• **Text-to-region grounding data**
↓

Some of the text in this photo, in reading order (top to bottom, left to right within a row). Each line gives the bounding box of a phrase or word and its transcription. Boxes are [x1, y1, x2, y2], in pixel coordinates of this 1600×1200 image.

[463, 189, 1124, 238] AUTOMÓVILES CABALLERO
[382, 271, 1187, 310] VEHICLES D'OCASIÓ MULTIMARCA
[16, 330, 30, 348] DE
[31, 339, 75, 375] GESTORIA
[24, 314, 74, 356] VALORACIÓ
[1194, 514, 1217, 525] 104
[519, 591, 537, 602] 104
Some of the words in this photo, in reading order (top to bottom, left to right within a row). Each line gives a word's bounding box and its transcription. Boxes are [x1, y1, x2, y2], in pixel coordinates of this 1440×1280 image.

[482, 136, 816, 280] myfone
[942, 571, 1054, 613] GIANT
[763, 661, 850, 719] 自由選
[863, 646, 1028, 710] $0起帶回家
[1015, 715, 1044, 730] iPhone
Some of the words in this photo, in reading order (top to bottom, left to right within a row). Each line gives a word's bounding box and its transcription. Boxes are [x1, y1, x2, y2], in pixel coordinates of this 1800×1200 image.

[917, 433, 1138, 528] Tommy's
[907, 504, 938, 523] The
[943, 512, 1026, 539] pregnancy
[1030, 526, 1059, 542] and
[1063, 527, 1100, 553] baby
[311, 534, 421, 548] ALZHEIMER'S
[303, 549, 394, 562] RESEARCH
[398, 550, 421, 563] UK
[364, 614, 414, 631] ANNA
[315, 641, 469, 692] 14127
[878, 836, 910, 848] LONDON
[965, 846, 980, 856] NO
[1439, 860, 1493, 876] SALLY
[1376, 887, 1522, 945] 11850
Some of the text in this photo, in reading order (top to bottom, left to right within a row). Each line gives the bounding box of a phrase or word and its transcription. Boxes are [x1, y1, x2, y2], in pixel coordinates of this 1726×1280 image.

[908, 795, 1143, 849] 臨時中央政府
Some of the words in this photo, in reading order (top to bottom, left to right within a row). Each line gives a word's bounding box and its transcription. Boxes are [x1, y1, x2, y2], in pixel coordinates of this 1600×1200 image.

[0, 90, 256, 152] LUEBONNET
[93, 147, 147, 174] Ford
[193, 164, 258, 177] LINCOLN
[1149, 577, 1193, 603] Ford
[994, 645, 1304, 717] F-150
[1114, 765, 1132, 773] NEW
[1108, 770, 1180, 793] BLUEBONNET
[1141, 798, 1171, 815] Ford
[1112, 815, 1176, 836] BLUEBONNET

↑

• **Exercise details**
Repeat every record, keeping each line exactly as it is.

• **Exercise output**
Some of the text in this photo, in reading order (top to bottom, left to right within a row). Each line gives the bounding box of a phrase or word and its transcription. Boxes are [x1, y1, x2, y2], in pixel coordinates of this 1600×1200 image.

[463, 189, 1124, 238] AUTOMÓVILES CABALLERO
[382, 271, 1187, 310] VEHICLES D'OCASIÓ MULTIMARCA
[16, 330, 30, 348] DE
[31, 339, 75, 375] GESTORIA
[24, 314, 74, 356] VALORACIÓ
[1194, 514, 1217, 525] 104
[519, 591, 537, 602] 104
Some of the words in this photo, in reading order (top to bottom, left to right within a row). Each line gives a word's bounding box and its transcription. Boxes are [x1, y1, x2, y2], in pixel coordinates of this 1440×1280 image.

[482, 136, 816, 280] myfone
[942, 571, 1054, 613] GIANT
[763, 661, 850, 719] 自由選
[863, 646, 1028, 710] $0起帶回家
[1015, 715, 1044, 730] iPhone
Some of the words in this photo, in reading order (top to bottom, left to right within a row). Each line gives a word's bounding box and its transcription. Boxes are [x1, y1, x2, y2], in pixel coordinates of this 1800×1200 image.

[917, 433, 1138, 528] Tommy's
[907, 504, 938, 523] The
[943, 512, 1026, 539] pregnancy
[1030, 526, 1059, 542] and
[1063, 527, 1100, 553] baby
[311, 534, 421, 548] ALZHEIMER'S
[303, 549, 394, 562] RESEARCH
[398, 550, 421, 563] UK
[364, 614, 414, 631] ANNA
[315, 641, 469, 692] 14127
[878, 836, 910, 848] LONDON
[965, 846, 980, 856] NO
[1439, 860, 1493, 876] SALLY
[1376, 887, 1522, 945] 11850
Some of the text in this photo, in reading order (top to bottom, left to right within a row). Each line gives the bounding box of a phrase or word and its transcription. Boxes are [x1, y1, x2, y2], in pixel coordinates of this 1726×1280 image.

[908, 795, 1143, 849] 臨時中央政府
Some of the words in this photo, in reading order (top to bottom, left to right within a row). Each line gives a word's bounding box and its transcription. Boxes are [x1, y1, x2, y2], in pixel coordinates of this 1600×1200 image.

[0, 90, 256, 152] LUEBONNET
[93, 147, 147, 174] Ford
[193, 164, 258, 177] LINCOLN
[1149, 577, 1193, 603] Ford
[994, 645, 1304, 717] F-150
[1114, 765, 1132, 773] NEW
[1108, 770, 1180, 793] BLUEBONNET
[1141, 798, 1171, 815] Ford
[1112, 815, 1176, 836] BLUEBONNET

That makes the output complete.